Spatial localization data
*** Begin section ***
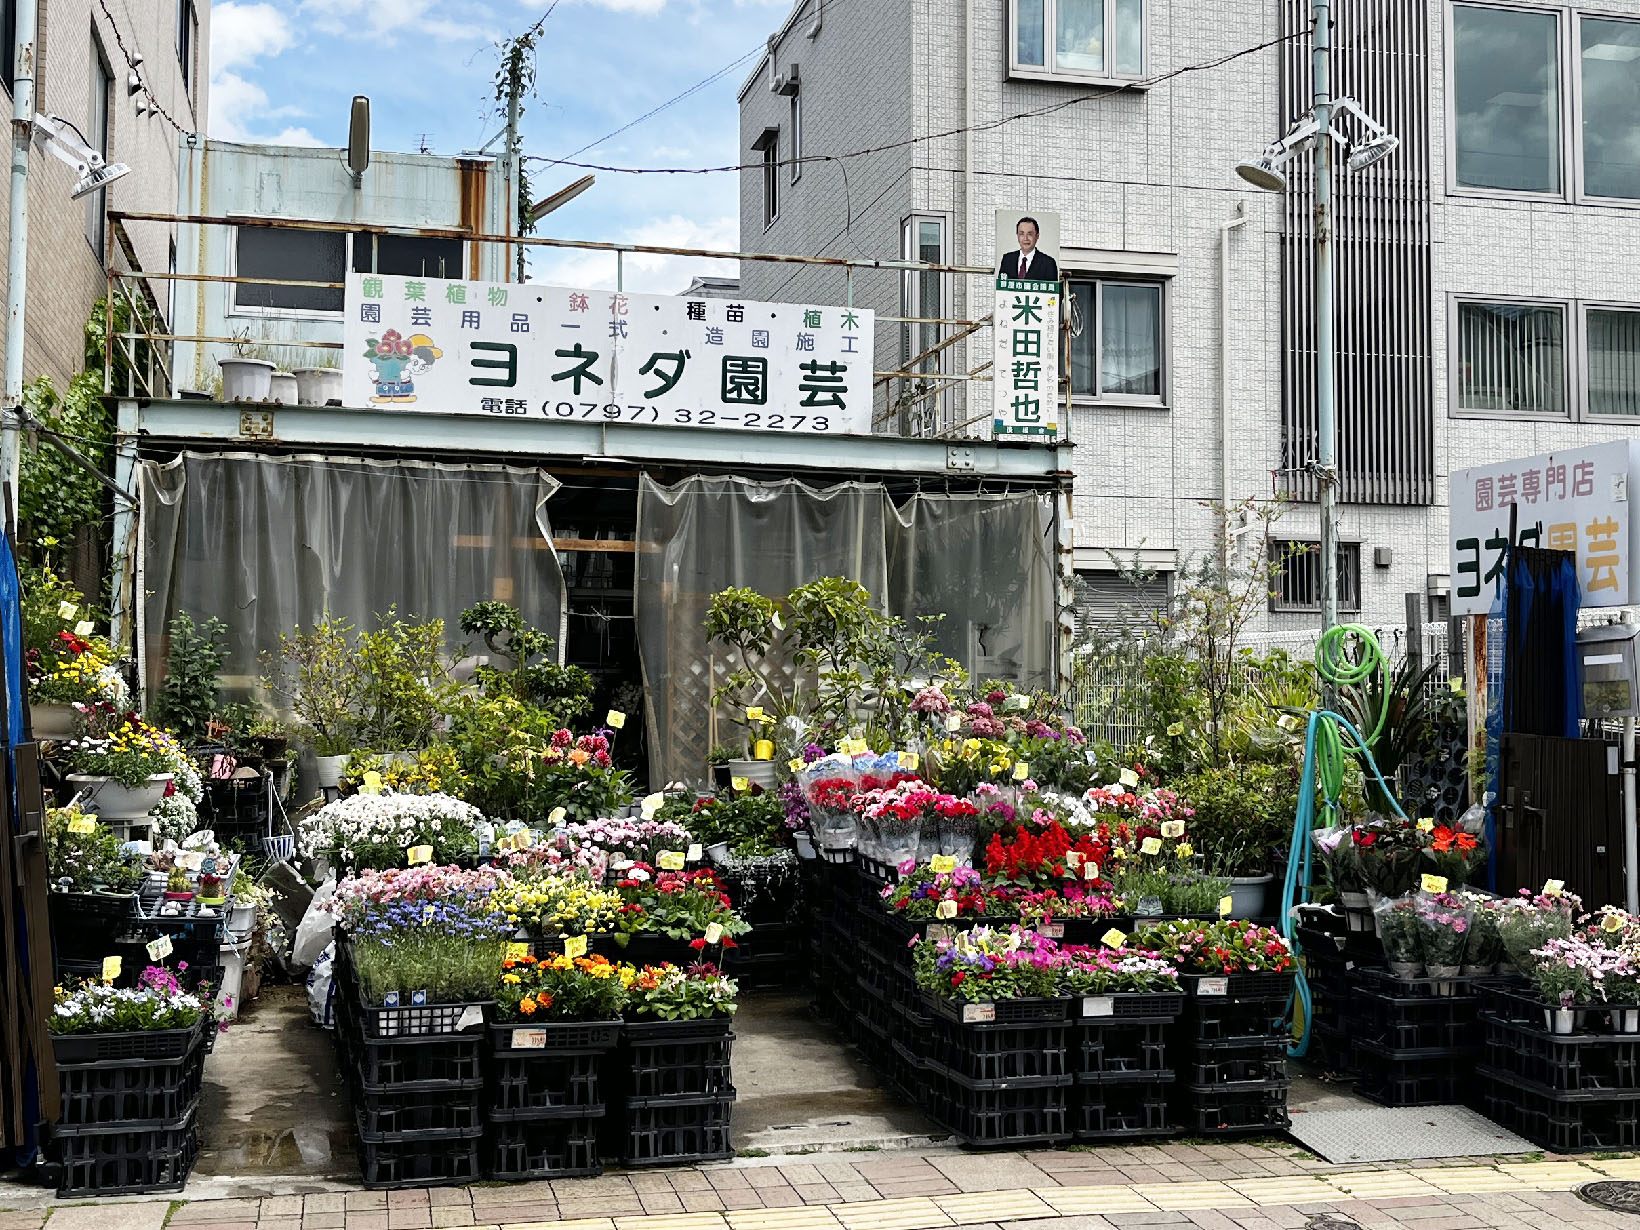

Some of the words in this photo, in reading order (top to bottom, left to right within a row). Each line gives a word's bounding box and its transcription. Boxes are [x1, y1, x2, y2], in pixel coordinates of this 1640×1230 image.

[468, 341, 848, 410] ヨネダ園芸
[1010, 295, 1042, 422] 米田哲也
[480, 397, 528, 415] 電話
[1475, 460, 1594, 512] 園芸専門店
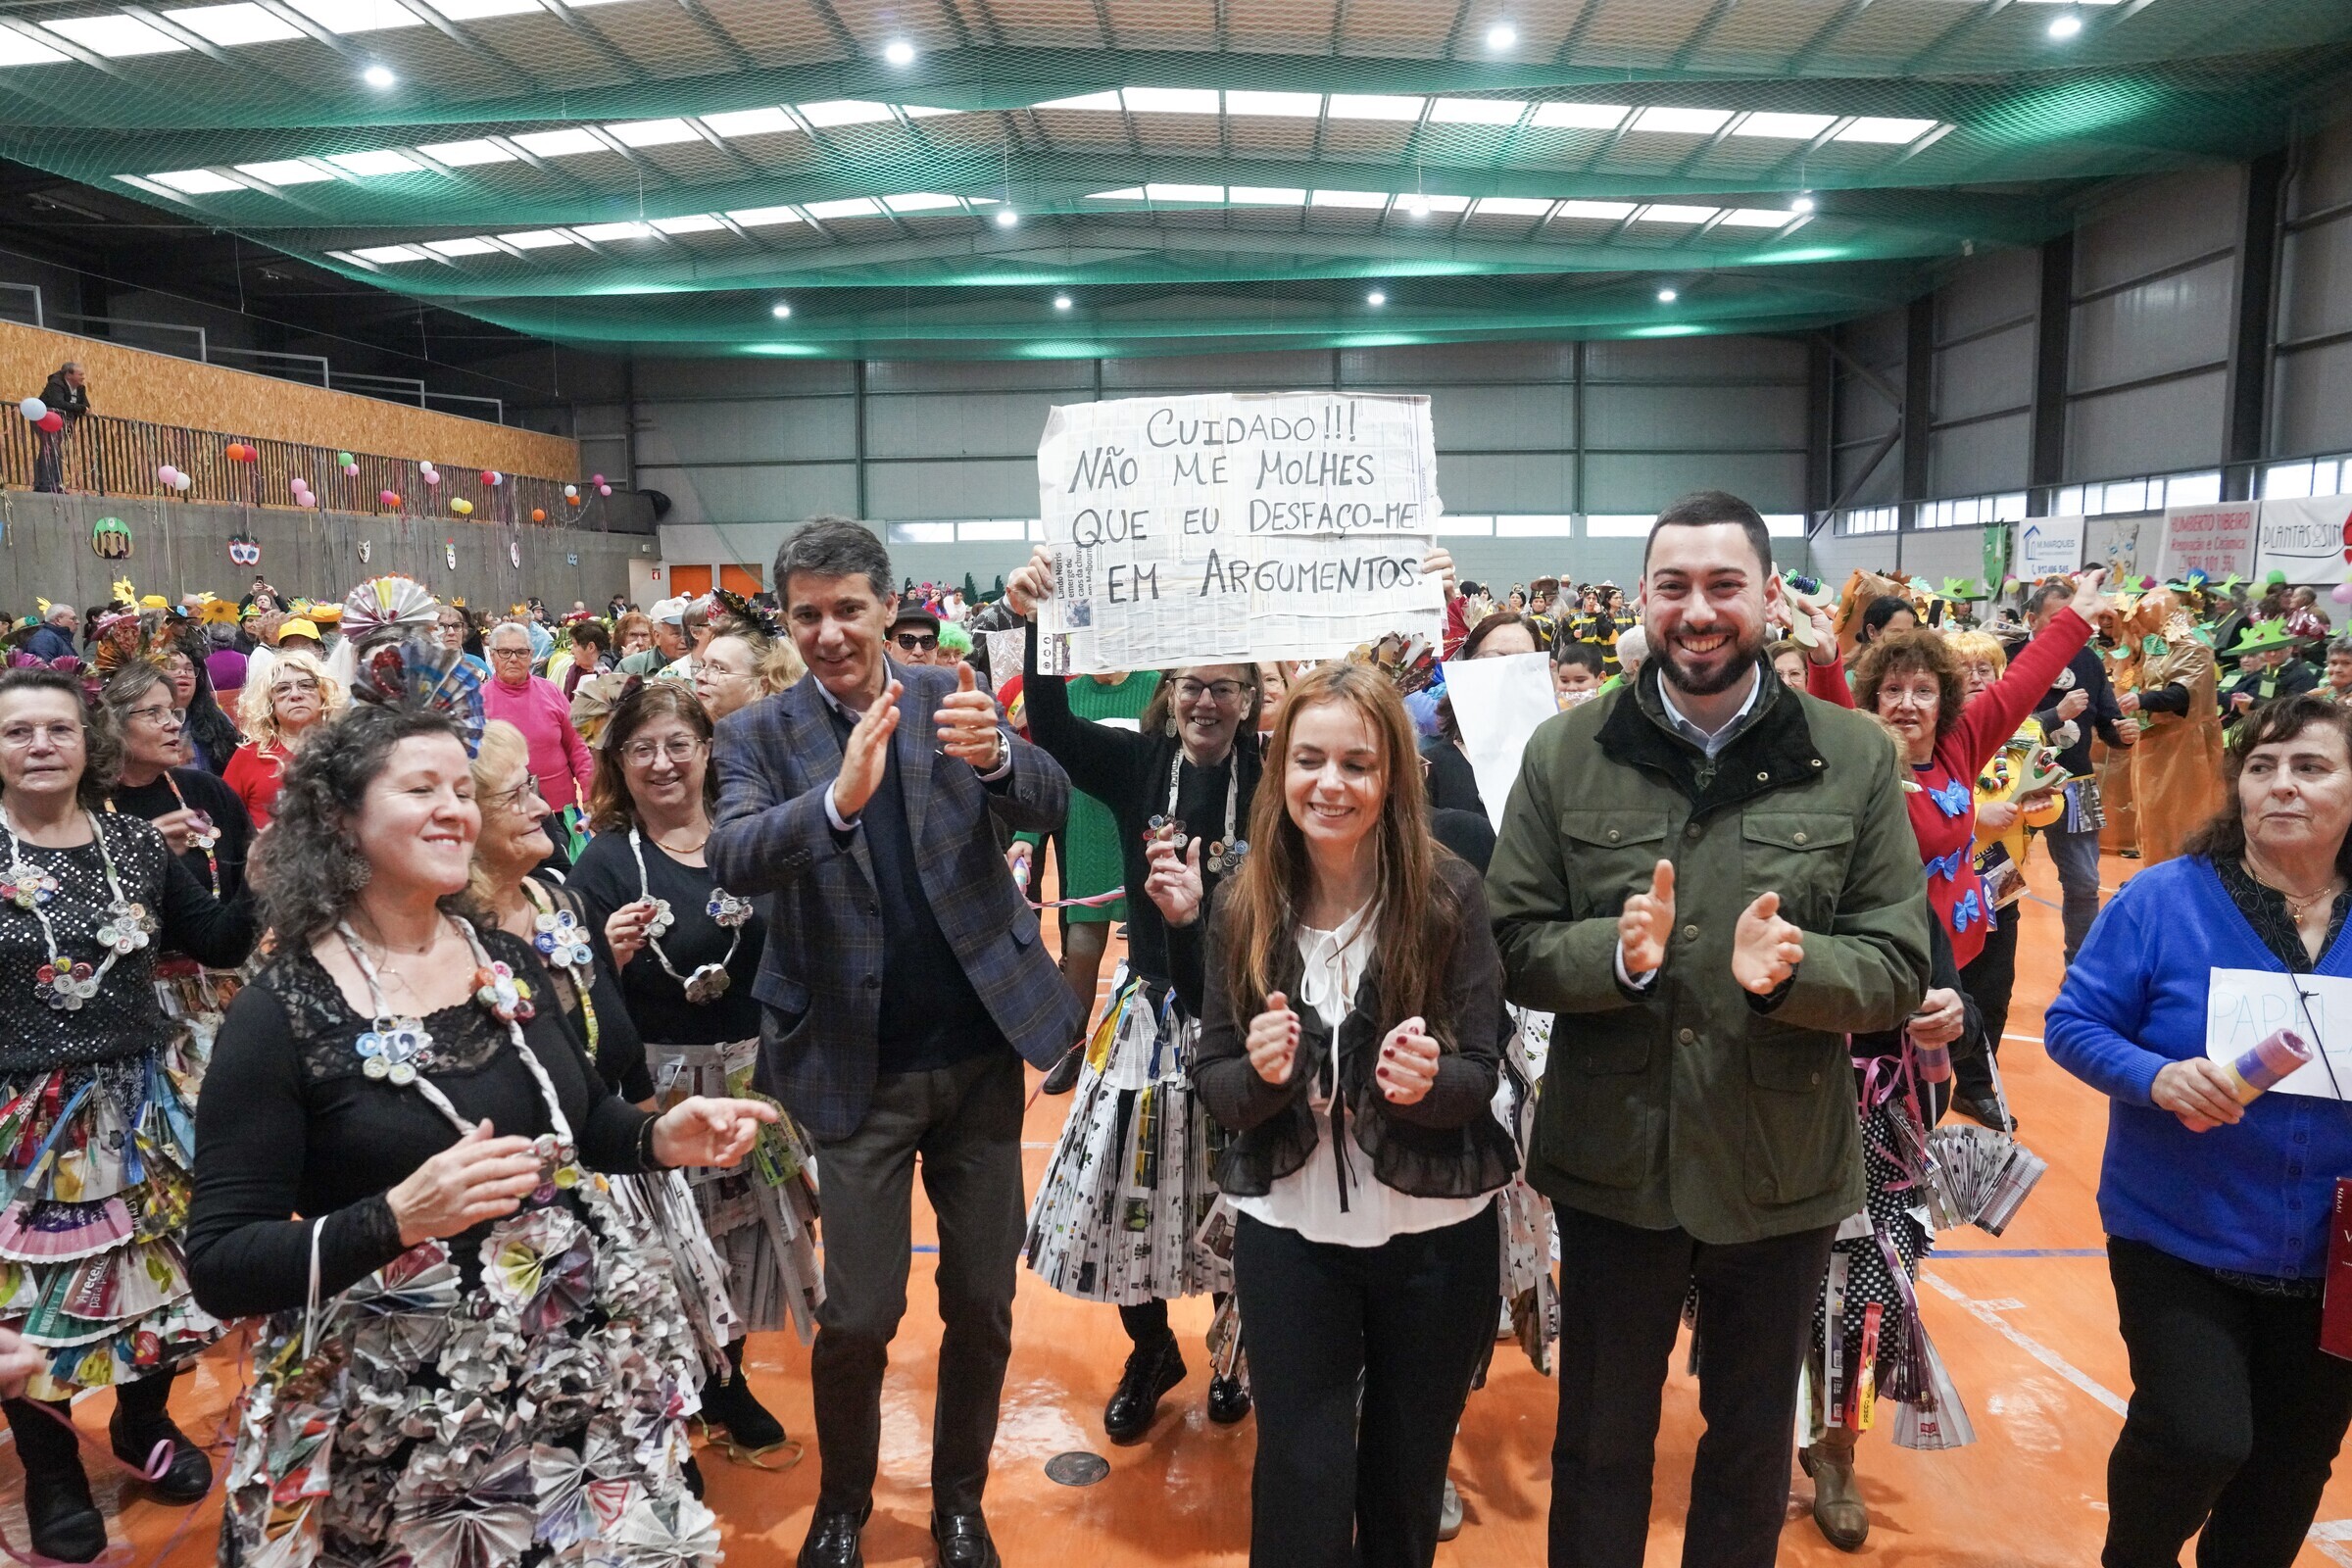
*** End section ***
Work to be completed
Retype all entries exactly, without the images.

Response to the task
Some of the words in this photo, in reading order (top to bottom, left to right within a row). Each line gives a word's bounding box and its transcription. Boxes are [x1, y1, x2, y2], in pixel coordinates of this 1640×1230 image.

[468, 341, 848, 410] ヨネダ園芸
[1010, 295, 1042, 422] 米田哲也
[480, 397, 528, 415] 電話
[1475, 460, 1594, 512] 園芸専門店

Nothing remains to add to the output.